Work item: Lines before the one containing "this 1250×1667 image." are excluded; reproduce that line and all lines after it in the entries below, exactly.
Records for this task Block Start
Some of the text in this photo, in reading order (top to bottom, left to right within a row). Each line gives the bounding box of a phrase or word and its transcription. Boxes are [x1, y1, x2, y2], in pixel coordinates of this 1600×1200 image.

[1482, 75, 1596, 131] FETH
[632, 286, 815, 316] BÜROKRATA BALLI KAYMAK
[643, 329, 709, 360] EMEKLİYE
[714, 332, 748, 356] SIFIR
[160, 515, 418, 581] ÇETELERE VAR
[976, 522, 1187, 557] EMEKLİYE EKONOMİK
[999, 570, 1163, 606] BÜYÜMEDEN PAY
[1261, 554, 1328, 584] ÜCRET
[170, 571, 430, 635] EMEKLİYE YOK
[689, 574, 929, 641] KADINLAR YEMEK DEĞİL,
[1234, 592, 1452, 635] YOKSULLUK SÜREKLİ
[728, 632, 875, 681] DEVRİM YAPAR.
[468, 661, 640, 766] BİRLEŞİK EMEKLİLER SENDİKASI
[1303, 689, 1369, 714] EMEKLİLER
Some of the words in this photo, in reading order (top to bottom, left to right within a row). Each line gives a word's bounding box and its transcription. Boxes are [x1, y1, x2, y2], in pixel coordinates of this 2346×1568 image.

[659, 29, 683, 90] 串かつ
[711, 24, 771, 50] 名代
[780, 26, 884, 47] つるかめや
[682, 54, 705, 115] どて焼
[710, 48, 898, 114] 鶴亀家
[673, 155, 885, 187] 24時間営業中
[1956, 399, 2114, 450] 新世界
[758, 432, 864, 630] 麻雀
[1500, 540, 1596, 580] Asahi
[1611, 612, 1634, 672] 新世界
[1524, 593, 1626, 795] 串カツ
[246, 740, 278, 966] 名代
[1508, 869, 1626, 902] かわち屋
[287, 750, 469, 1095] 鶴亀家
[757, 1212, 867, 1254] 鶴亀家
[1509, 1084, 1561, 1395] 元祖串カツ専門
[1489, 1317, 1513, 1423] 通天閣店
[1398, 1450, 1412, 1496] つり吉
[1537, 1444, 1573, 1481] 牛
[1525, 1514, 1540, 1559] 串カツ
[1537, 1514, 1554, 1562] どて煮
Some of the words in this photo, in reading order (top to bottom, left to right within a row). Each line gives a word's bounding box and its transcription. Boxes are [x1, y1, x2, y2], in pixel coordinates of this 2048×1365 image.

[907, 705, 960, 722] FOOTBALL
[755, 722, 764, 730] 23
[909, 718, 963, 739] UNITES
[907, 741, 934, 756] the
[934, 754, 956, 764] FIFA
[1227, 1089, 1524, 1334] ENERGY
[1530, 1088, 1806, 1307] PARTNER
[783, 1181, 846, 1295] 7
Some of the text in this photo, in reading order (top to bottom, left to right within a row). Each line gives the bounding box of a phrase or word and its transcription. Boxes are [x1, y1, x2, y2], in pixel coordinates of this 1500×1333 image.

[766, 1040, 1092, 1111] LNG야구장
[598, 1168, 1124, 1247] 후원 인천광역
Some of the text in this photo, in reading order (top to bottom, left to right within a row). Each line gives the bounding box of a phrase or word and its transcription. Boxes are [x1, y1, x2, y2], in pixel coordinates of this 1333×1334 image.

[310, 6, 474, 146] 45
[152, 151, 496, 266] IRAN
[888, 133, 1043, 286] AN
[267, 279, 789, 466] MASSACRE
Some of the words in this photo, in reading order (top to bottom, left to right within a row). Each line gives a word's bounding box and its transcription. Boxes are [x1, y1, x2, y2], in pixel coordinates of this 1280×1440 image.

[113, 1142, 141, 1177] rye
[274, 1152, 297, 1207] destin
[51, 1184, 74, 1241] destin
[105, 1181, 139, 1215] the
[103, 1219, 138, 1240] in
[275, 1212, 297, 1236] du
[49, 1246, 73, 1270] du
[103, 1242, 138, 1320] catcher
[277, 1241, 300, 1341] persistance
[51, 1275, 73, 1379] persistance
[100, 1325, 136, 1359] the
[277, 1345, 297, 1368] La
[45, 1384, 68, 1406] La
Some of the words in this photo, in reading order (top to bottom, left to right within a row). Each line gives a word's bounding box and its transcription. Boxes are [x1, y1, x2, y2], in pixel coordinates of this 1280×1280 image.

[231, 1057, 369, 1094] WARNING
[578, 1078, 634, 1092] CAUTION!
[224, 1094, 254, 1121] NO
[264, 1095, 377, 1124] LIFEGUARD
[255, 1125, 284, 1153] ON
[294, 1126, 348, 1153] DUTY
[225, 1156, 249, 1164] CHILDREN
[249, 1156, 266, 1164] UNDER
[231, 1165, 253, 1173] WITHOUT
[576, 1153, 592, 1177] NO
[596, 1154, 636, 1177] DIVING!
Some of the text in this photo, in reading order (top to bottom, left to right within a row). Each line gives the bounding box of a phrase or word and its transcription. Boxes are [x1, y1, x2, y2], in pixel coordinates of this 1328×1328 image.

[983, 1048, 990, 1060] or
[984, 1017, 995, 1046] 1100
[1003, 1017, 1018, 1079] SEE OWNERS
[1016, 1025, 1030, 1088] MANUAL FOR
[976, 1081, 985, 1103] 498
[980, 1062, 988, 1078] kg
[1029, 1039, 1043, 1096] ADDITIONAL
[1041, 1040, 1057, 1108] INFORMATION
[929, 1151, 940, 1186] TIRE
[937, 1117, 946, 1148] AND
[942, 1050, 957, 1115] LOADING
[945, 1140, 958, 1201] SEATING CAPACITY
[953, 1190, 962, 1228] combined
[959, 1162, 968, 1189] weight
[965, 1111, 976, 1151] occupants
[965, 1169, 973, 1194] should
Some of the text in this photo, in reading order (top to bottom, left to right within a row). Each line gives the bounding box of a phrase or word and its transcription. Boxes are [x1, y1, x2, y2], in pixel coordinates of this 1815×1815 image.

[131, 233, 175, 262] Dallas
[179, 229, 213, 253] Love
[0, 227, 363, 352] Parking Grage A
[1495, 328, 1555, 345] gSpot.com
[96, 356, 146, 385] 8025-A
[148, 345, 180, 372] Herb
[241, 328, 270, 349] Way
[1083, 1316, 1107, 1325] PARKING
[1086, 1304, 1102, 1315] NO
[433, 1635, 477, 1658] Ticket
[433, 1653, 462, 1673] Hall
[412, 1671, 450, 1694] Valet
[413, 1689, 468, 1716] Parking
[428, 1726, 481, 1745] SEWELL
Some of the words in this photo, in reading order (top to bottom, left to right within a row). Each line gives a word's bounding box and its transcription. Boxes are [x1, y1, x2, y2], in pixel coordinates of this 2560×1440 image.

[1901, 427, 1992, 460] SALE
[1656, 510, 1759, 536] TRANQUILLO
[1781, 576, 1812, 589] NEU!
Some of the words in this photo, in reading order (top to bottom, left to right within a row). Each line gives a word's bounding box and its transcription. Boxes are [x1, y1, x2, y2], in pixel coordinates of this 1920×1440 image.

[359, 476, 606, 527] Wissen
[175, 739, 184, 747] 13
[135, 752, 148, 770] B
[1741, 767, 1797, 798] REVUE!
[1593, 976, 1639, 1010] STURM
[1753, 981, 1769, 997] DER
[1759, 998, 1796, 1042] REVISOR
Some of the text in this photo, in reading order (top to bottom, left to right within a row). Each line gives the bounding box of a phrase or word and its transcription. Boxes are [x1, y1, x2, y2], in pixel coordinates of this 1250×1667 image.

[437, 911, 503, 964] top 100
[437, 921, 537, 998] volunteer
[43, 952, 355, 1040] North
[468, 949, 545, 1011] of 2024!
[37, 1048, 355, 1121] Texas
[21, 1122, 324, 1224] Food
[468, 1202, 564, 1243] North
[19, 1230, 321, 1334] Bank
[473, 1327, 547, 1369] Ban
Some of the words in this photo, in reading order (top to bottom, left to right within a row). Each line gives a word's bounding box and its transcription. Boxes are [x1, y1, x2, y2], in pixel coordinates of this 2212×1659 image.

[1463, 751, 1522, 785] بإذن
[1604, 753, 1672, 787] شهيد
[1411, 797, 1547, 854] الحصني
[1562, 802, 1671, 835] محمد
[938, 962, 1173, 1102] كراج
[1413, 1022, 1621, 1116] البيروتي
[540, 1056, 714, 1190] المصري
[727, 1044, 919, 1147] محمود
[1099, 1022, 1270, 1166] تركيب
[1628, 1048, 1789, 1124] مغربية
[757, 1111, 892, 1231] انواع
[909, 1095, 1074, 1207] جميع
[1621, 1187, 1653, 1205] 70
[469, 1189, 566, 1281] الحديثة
Records for this task Block End
Finished exercise:
Some of the text in this photo, in reading order (top to bottom, left to right within a row). Each line gives the bounding box of a phrase or word and its transcription. Boxes are [x1, y1, x2, y2], in pixel coordinates of this 1250×1667 image.

[437, 911, 503, 964] top 100
[437, 921, 537, 998] volunteer
[43, 952, 355, 1040] North
[468, 949, 545, 1011] of 2024!
[37, 1048, 355, 1121] Texas
[21, 1122, 324, 1224] Food
[468, 1202, 564, 1243] North
[19, 1230, 321, 1334] Bank
[473, 1327, 547, 1369] Ban
Some of the words in this photo, in reading order (top to bottom, left to right within a row). Each line gives a word's bounding box and its transcription. Boxes are [x1, y1, x2, y2], in pixel coordinates of this 2212×1659 image.

[1463, 751, 1522, 785] بإذن
[1604, 753, 1672, 787] شهيد
[1411, 797, 1547, 854] الحصني
[1562, 802, 1671, 835] محمد
[938, 962, 1173, 1102] كراج
[1413, 1022, 1621, 1116] البيروتي
[540, 1056, 714, 1190] المصري
[727, 1044, 919, 1147] محمود
[1099, 1022, 1270, 1166] تركيب
[1628, 1048, 1789, 1124] مغربية
[757, 1111, 892, 1231] انواع
[909, 1095, 1074, 1207] جميع
[1621, 1187, 1653, 1205] 70
[469, 1189, 566, 1281] الحديثة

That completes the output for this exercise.